A point mutation in the mitochondrial genome has been identified as a cause of diabetes and deafness. We report two pedigrees with and A-to-G transition at nucleotide 3243 of mtDNA within the tRNALeu(UUR) gene and focus our investigations on other localizations of the anomaly, particularly muscle and retina.
Muscular localization has been studied in probands by invasive and noninvasive methods, including muscle biopsy (evaluation of the proportion of mutated mtDNA in comparison to blood cells, measurement of respiratory chain complex activities and histological and histochemical aspects) and 31P-nuclear magnetic resonance (NMR) spectroscopy. Ophthalmic and angiographic examination of retina, electroretinography, and visual evoked potentials were performed in five subjects.

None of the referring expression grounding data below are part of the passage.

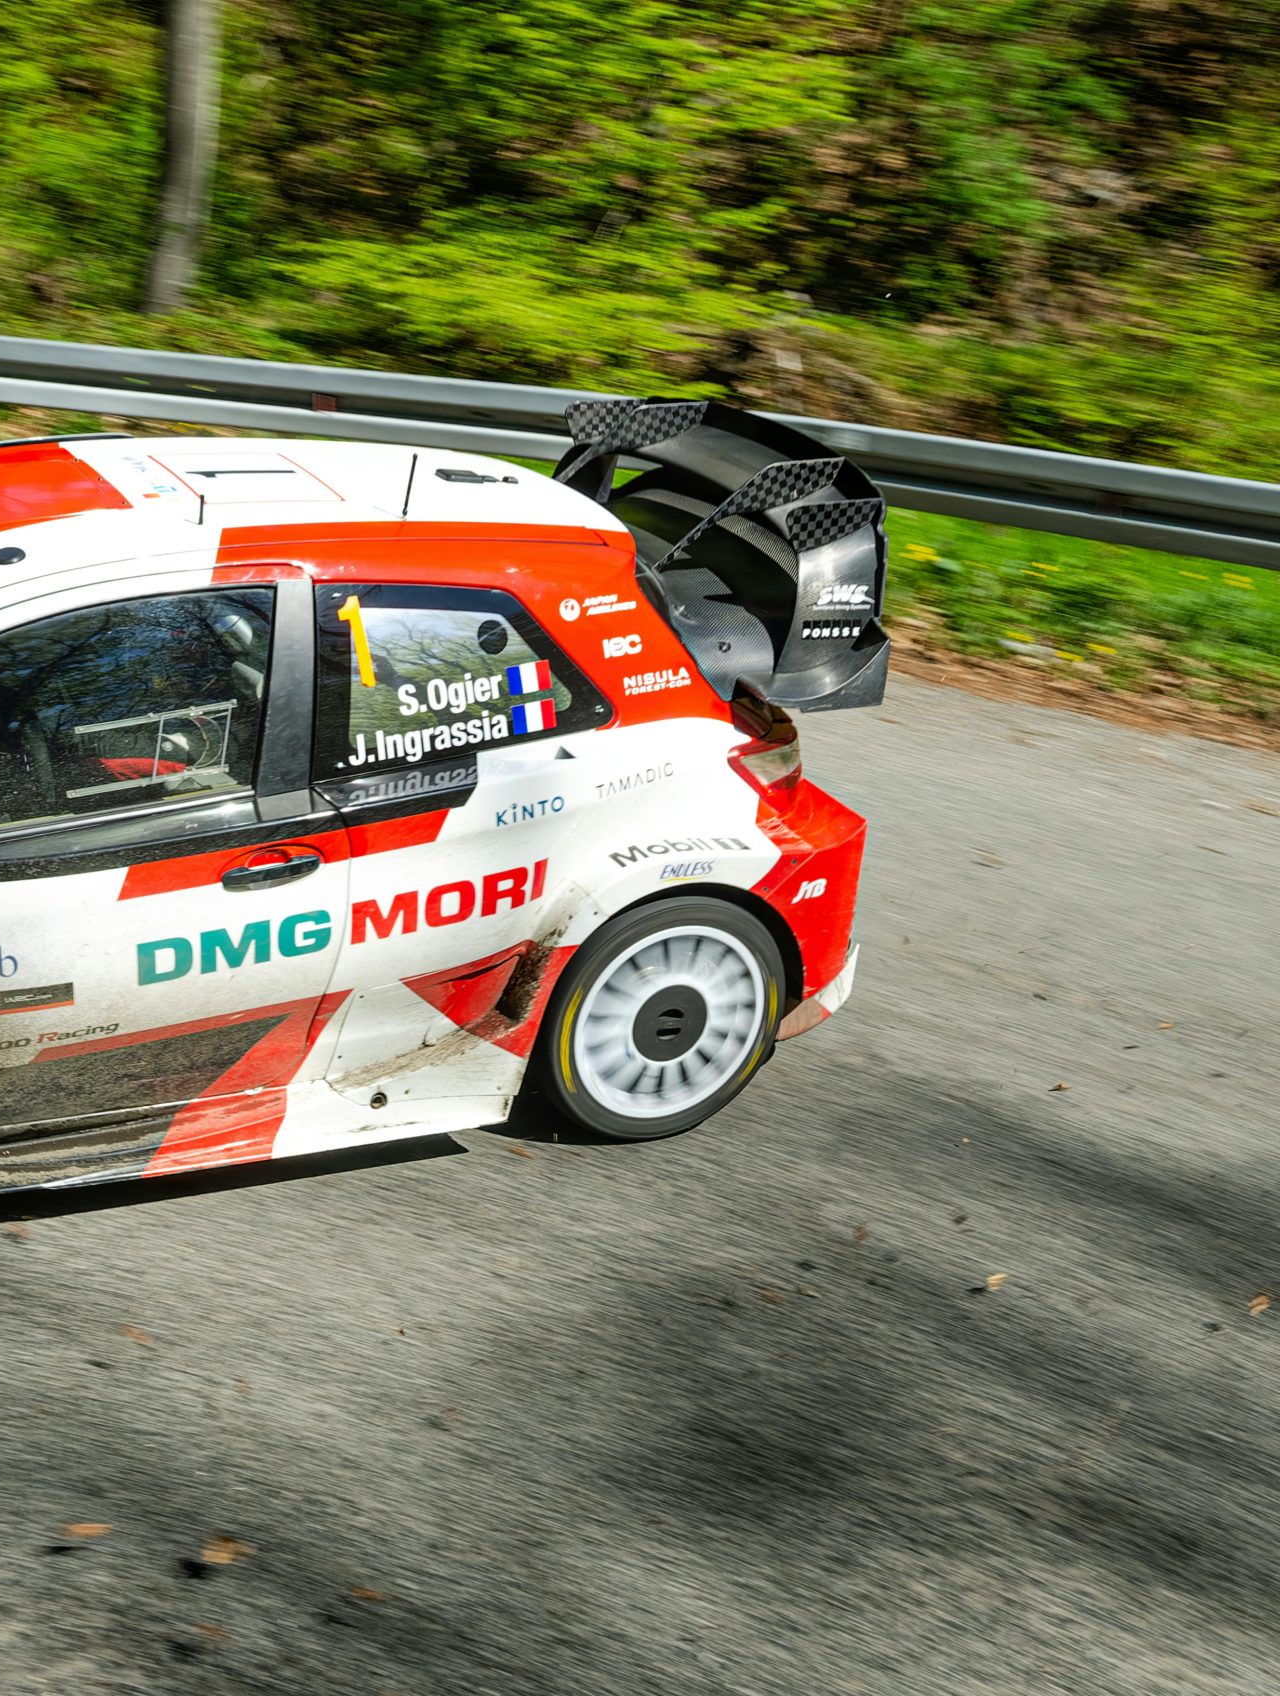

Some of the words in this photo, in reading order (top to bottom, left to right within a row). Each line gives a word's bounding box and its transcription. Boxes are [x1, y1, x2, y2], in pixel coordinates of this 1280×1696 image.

[337, 595, 376, 688] 1
[397, 672, 502, 716] S.Ogier
[623, 667, 690, 688] NISULA
[348, 710, 509, 767] J.Ingrassia
[596, 762, 675, 799] TAMADIC
[609, 838, 713, 868] Mobil
[659, 860, 716, 880] ENDLESS
[791, 878, 828, 904] JTB
[136, 909, 332, 986] DMG
[350, 857, 549, 946] MORI
[36, 1022, 120, 1044] Racing
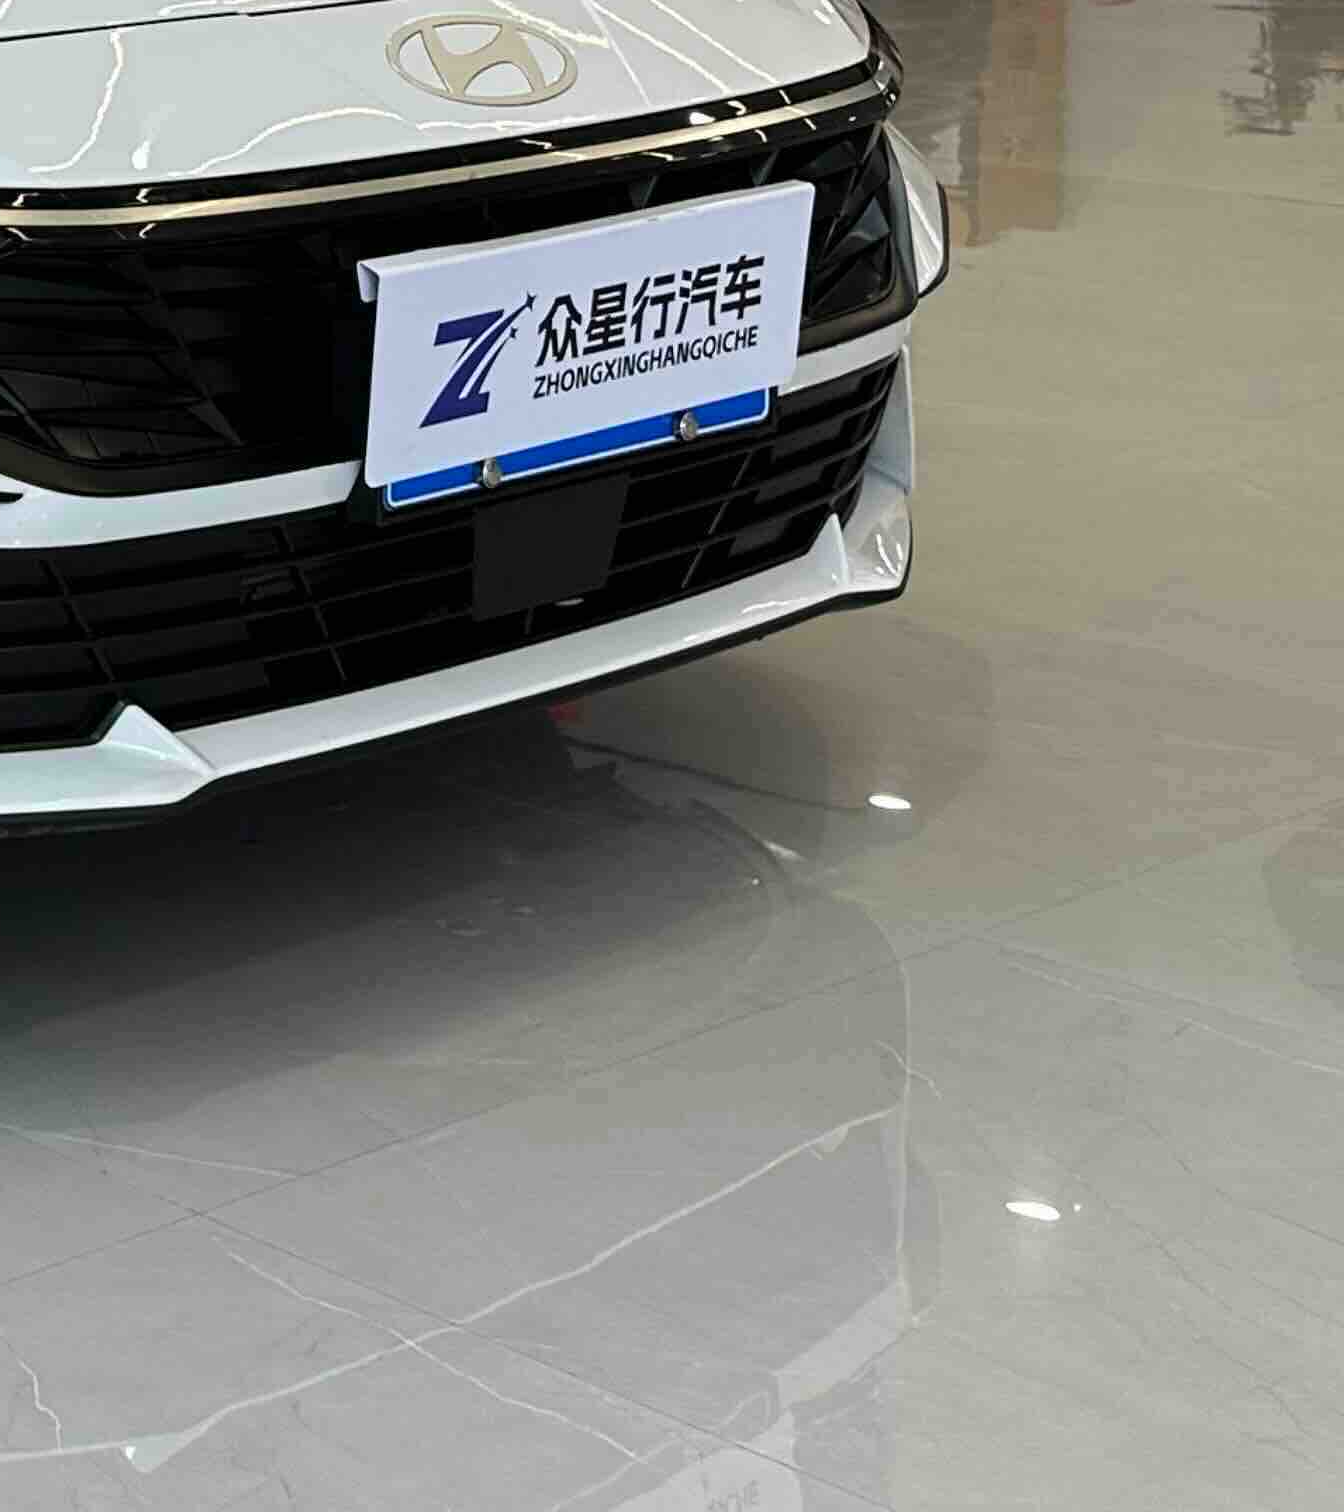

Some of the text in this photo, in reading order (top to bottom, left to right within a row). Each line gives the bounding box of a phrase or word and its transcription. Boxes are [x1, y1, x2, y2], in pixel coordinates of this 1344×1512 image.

This mutation, previously described in patients with mitochondrial myopathy, encephalopathy, lactic acidosis, and stroke-like episodes (MELAS), was expressed more abundantly in muscle than in nucleated blood cells. This low expression in blood cells could hamper the diagnosis for some patients. In addition, despite poor clinical expression, muscle was found to be highly affected. Ragged red fibers and dystrophic mitochondria were observed in muscle biopsy. Histochemical assays showed decreased activity of respiratory chain complexes, and 31P-NMR in vivo data further confirmed the defect of muscle oxidative processes. Exercise-induced lactate production was increased. Finally, in both families, an atypical “salt and pepper” pigmentary retinopathy was observed without consequences on visual acuity.
In diabetes secondary to 3243 mtDNA mutation, infraclinical muscular and ocular lesions are frequent. These two locations of the disease, which are easily investigated by simple methods, can help in the diagnosis of this new type of diabetes.